*Requirement:* Exactly reproduce all the records, keeping pictures out of the copy.

*Dataset records:*
▼
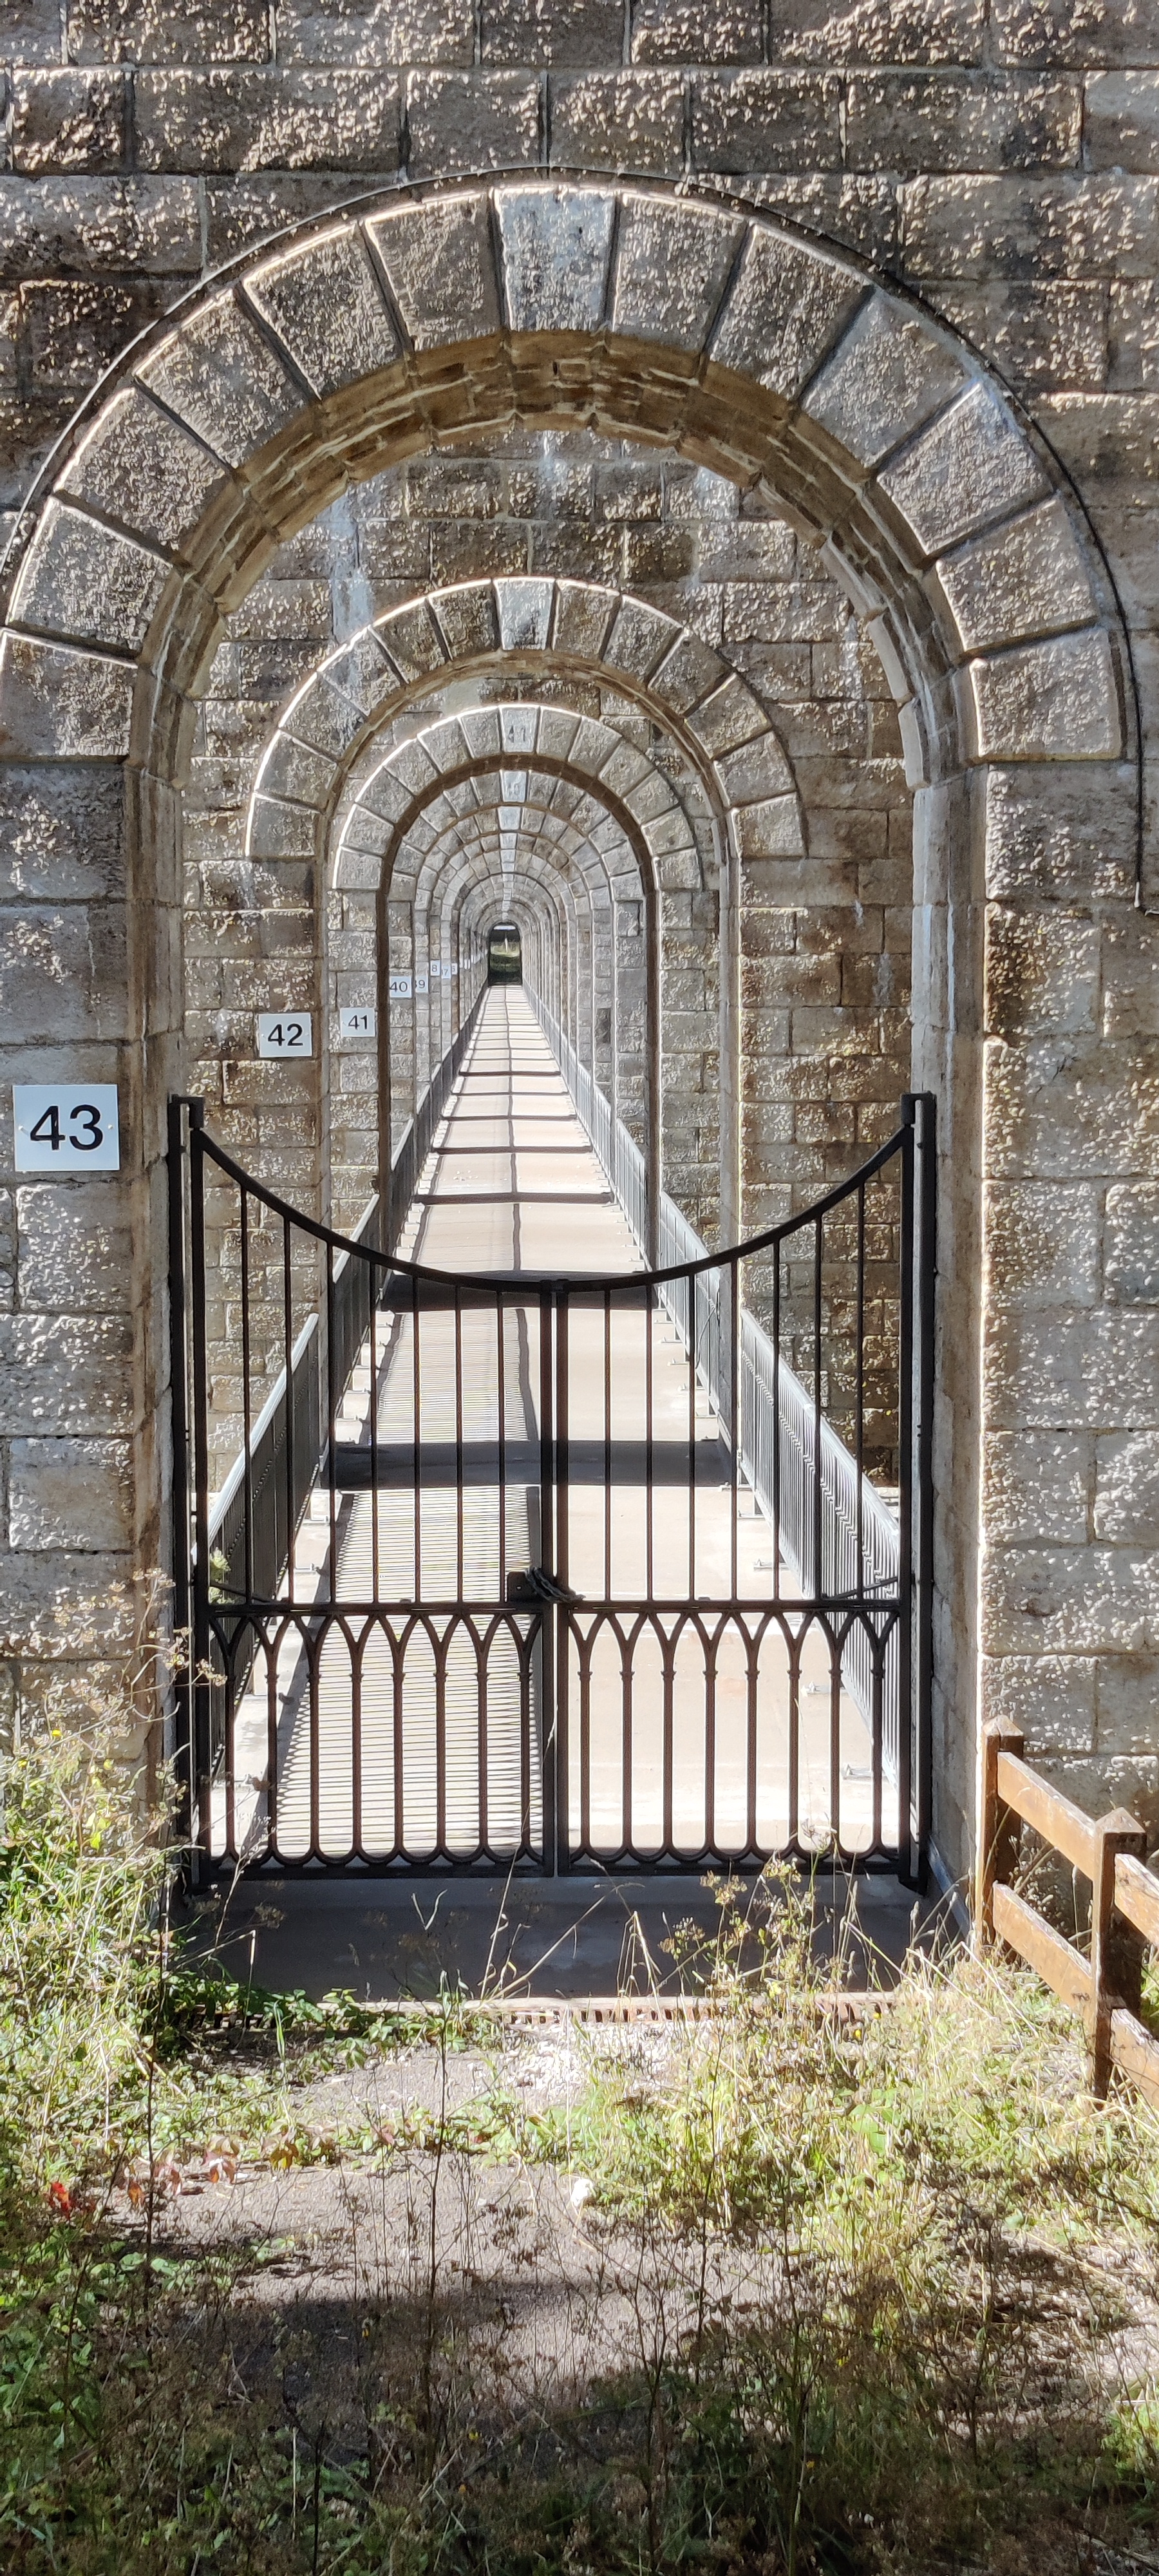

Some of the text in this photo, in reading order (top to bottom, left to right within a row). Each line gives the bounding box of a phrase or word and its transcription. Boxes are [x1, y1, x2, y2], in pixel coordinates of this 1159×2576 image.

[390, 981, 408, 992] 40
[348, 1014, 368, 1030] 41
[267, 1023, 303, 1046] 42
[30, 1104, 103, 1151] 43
▲
*Exercise result:*
Some of the text in this photo, in reading order (top to bottom, left to right within a row). Each line gives the bounding box of a phrase or word and its transcription. Boxes are [x1, y1, x2, y2], in pixel coordinates of this 1159×2576 image.

[390, 981, 408, 992] 40
[348, 1014, 368, 1030] 41
[267, 1023, 303, 1046] 42
[30, 1104, 103, 1151] 43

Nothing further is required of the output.